#### WHAT YOU SHOULD DO
The records that follow must be reproduced in full, with every picture excluded.

(Saved data entries)
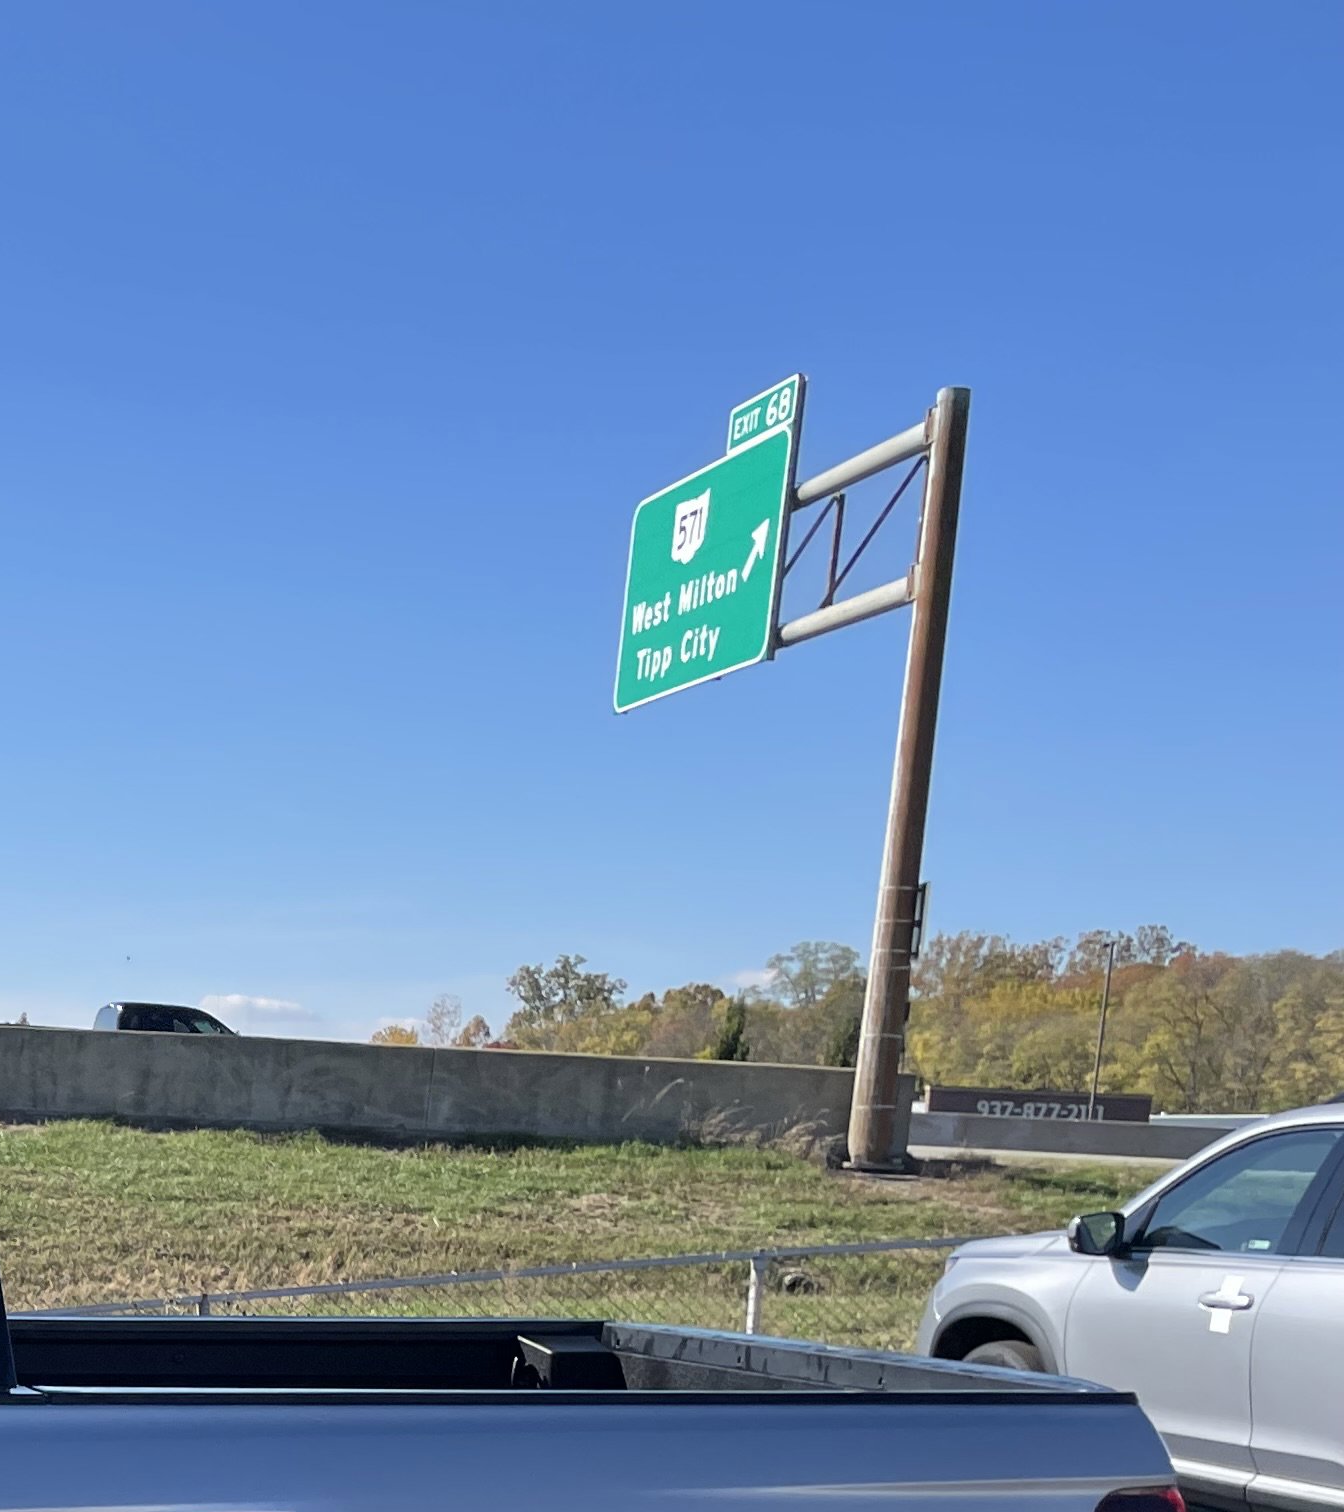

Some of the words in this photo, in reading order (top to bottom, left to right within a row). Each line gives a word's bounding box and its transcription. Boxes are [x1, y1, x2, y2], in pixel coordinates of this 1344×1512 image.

[733, 407, 760, 440] EXIT
[765, 388, 791, 427] 68
[677, 509, 703, 549] 571
[631, 592, 671, 635] West
[678, 568, 737, 615] Milton
[636, 646, 672, 682] Tipp
[680, 625, 720, 661] City
[976, 1099, 1105, 1122] 937-877-211
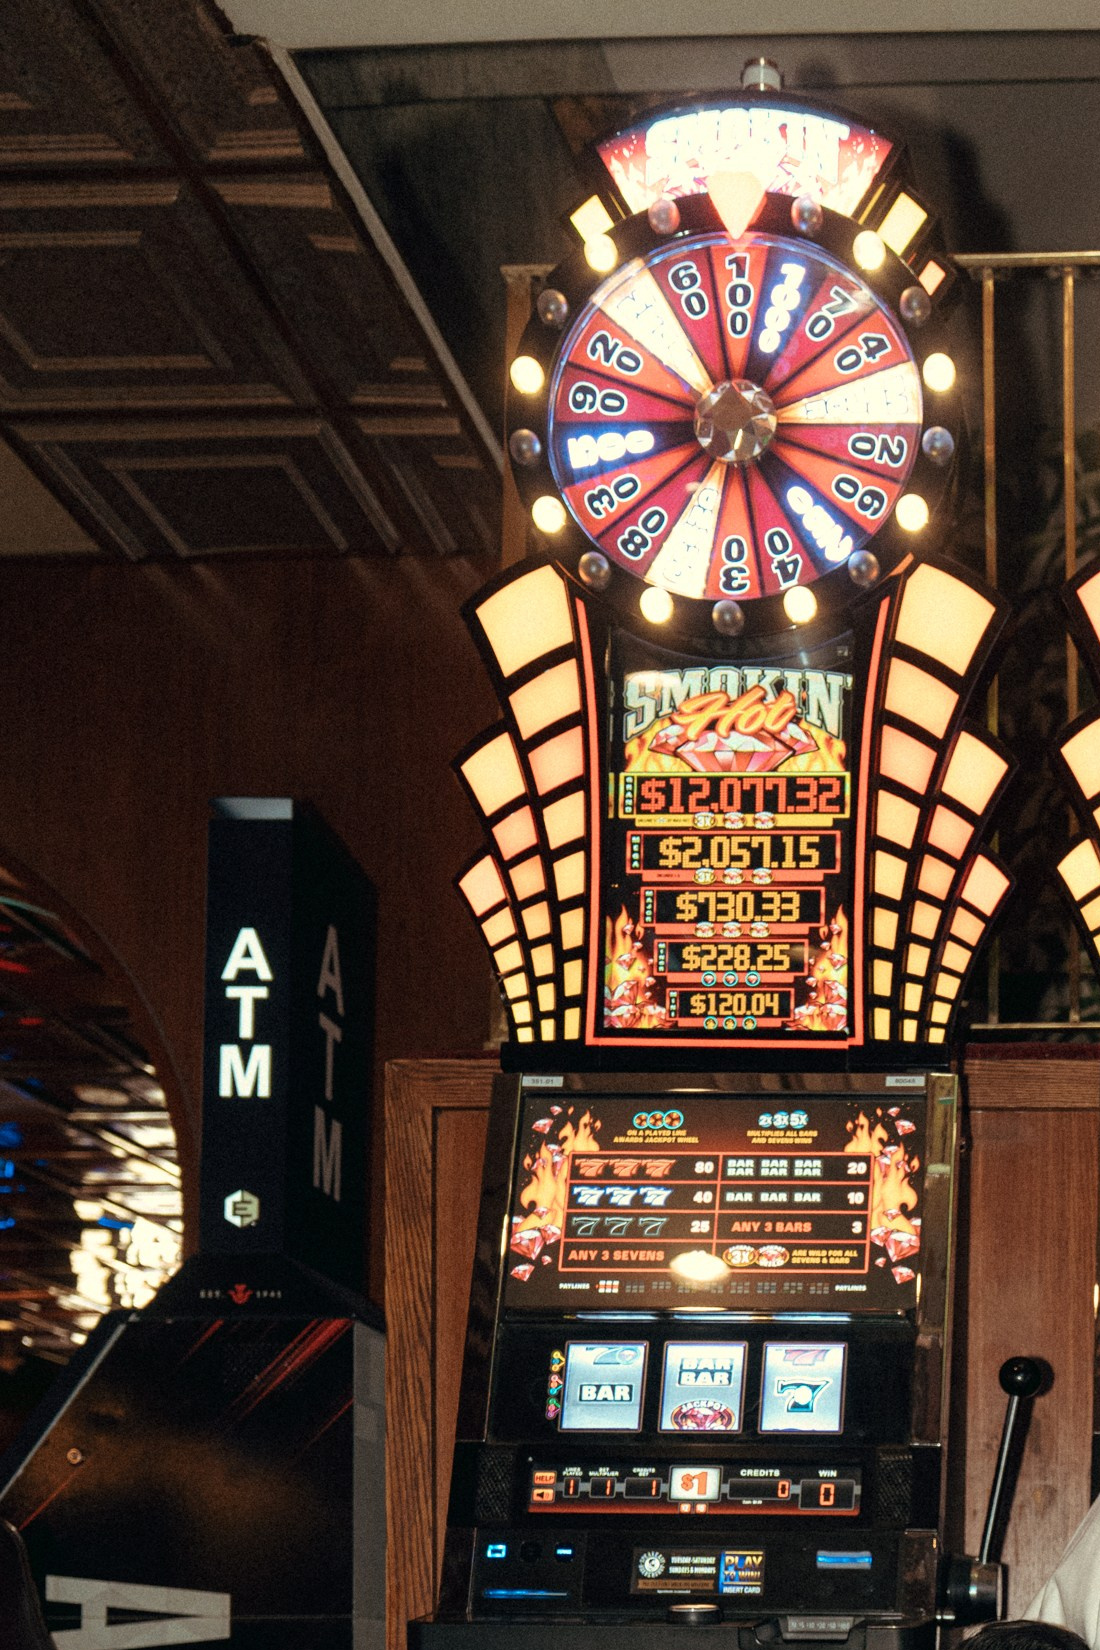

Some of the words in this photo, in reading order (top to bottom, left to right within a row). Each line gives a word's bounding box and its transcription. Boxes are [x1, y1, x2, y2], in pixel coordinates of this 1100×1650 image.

[668, 262, 708, 320] 60
[724, 252, 752, 338] 100
[806, 287, 856, 341] 70
[586, 330, 643, 377] 20
[834, 332, 891, 374] 40
[849, 432, 907, 467] 20
[585, 474, 641, 517] 30
[617, 505, 668, 560] 80
[718, 536, 750, 594] 30
[765, 529, 801, 590] 40
[672, 685, 799, 740] Hot
[640, 777, 841, 813] $12,077.32
[659, 835, 820, 869] $2,057.15
[675, 891, 800, 922] $730.33
[681, 944, 791, 971] $228.25
[219, 927, 274, 1098] ATM
[690, 992, 780, 1016] $120.04
[313, 923, 345, 1202] ATM
[773, 1113, 790, 1128] 3X
[790, 1112, 809, 1127] 5X
[694, 1161, 714, 1174] 80
[727, 1159, 754, 1168] BAR
[761, 1159, 788, 1168] BAR
[794, 1159, 821, 1168] BAR
[727, 1168, 754, 1177] BAR
[760, 1168, 787, 1177] BAR
[794, 1168, 821, 1177] BAR
[847, 1162, 867, 1175] 20
[693, 1191, 713, 1203] 40
[726, 1192, 753, 1202] BAR
[760, 1192, 787, 1202] BAR
[793, 1192, 821, 1202] BAR
[847, 1191, 865, 1204] 10
[572, 1216, 600, 1236] 7
[604, 1216, 633, 1236] 7
[638, 1216, 668, 1236] 7
[690, 1220, 710, 1233] 25
[731, 1221, 761, 1232] ANY
[764, 1221, 773, 1232] 3
[775, 1221, 812, 1232] BARS
[851, 1221, 863, 1234] 3
[568, 1250, 598, 1261] ANY
[601, 1250, 610, 1261] 3
[613, 1250, 665, 1261] SEVENS
[682, 1358, 731, 1371] BAR
[680, 1371, 731, 1385] BAR
[581, 1386, 631, 1401] BAR
[777, 1379, 830, 1413] 7
[681, 1400, 727, 1413] JACKPOT
[535, 1474, 554, 1482] HELP
[681, 1471, 708, 1496] $1
[740, 1469, 781, 1477] CREDITS
[777, 1480, 790, 1498] 0
[819, 1483, 835, 1506] 0
[725, 1555, 763, 1567] PLAY
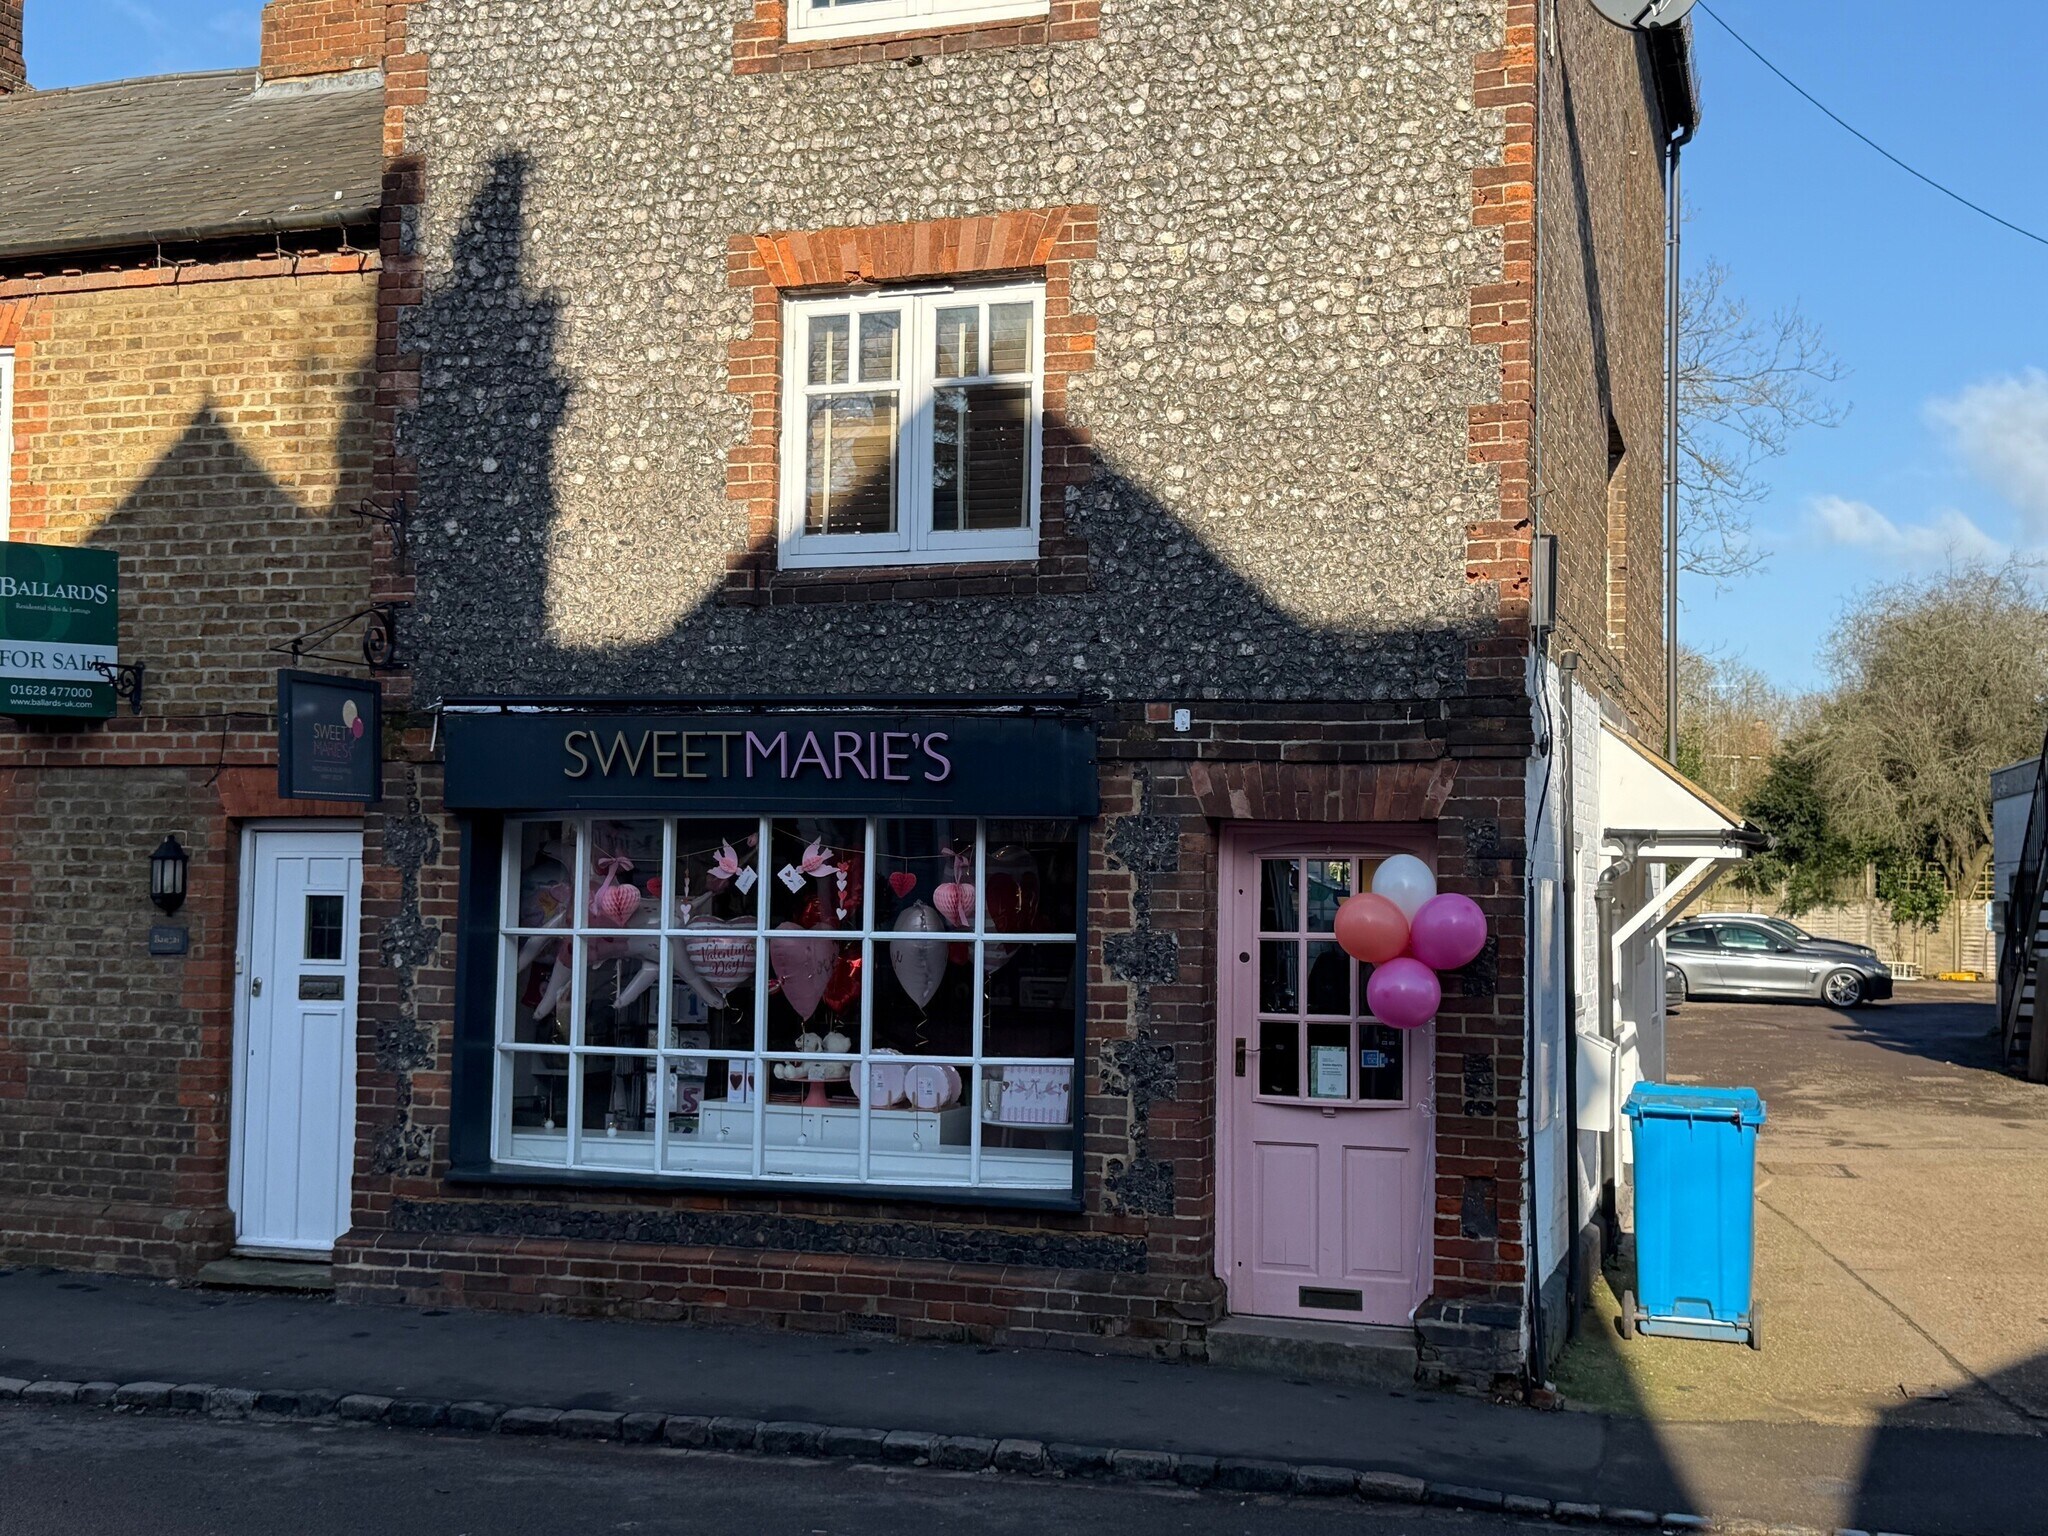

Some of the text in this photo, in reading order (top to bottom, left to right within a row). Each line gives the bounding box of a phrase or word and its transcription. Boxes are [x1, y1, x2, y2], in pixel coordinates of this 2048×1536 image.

#### RESPONSE TO THIS TASK
Some of the words in this photo, in reading order (top to bottom, left to right within a row). Each line gives a word's bounding box and its transcription. Boxes are [x1, y1, x2, y2], in pixel coordinates of this 1344×1512 image.

[733, 407, 760, 440] EXIT
[765, 388, 791, 427] 68
[677, 509, 703, 549] 571
[631, 592, 671, 635] West
[678, 568, 737, 615] Milton
[636, 646, 672, 682] Tipp
[680, 625, 720, 661] City
[976, 1099, 1105, 1122] 937-877-211

Some of the words in this photo, in reading order (top to bottom, left to right within a row). Each line gives a word's bounding box and its transcription. Boxes are [x1, y1, x2, y2], in pixel coordinates of this 1100×1650 image.

[668, 262, 708, 320] 60
[724, 252, 752, 338] 100
[806, 287, 856, 341] 70
[586, 330, 643, 377] 20
[834, 332, 891, 374] 40
[849, 432, 907, 467] 20
[585, 474, 641, 517] 30
[617, 505, 668, 560] 80
[718, 536, 750, 594] 30
[765, 529, 801, 590] 40
[672, 685, 799, 740] Hot
[640, 777, 841, 813] $12,077.32
[659, 835, 820, 869] $2,057.15
[675, 891, 800, 922] $730.33
[681, 944, 791, 971] $228.25
[219, 927, 274, 1098] ATM
[690, 992, 780, 1016] $120.04
[313, 923, 345, 1202] ATM
[773, 1113, 790, 1128] 3X
[790, 1112, 809, 1127] 5X
[694, 1161, 714, 1174] 80
[727, 1159, 754, 1168] BAR
[761, 1159, 788, 1168] BAR
[794, 1159, 821, 1168] BAR
[727, 1168, 754, 1177] BAR
[760, 1168, 787, 1177] BAR
[794, 1168, 821, 1177] BAR
[847, 1162, 867, 1175] 20
[693, 1191, 713, 1203] 40
[726, 1192, 753, 1202] BAR
[760, 1192, 787, 1202] BAR
[793, 1192, 821, 1202] BAR
[847, 1191, 865, 1204] 10
[572, 1216, 600, 1236] 7
[604, 1216, 633, 1236] 7
[638, 1216, 668, 1236] 7
[690, 1220, 710, 1233] 25
[731, 1221, 761, 1232] ANY
[764, 1221, 773, 1232] 3
[775, 1221, 812, 1232] BARS
[851, 1221, 863, 1234] 3
[568, 1250, 598, 1261] ANY
[601, 1250, 610, 1261] 3
[613, 1250, 665, 1261] SEVENS
[682, 1358, 731, 1371] BAR
[680, 1371, 731, 1385] BAR
[581, 1386, 631, 1401] BAR
[777, 1379, 830, 1413] 7
[681, 1400, 727, 1413] JACKPOT
[535, 1474, 554, 1482] HELP
[681, 1471, 708, 1496] $1
[740, 1469, 781, 1477] CREDITS
[777, 1480, 790, 1498] 0
[819, 1483, 835, 1506] 0
[725, 1555, 763, 1567] PLAY

Some of the text in this photo, in reading order (top to bottom, left to right within a row). Each line gives the bounding box of a phrase or word and its transcription. Boxes are [x1, y1, x2, y2], in pixel coordinates of this 2048×1536 image.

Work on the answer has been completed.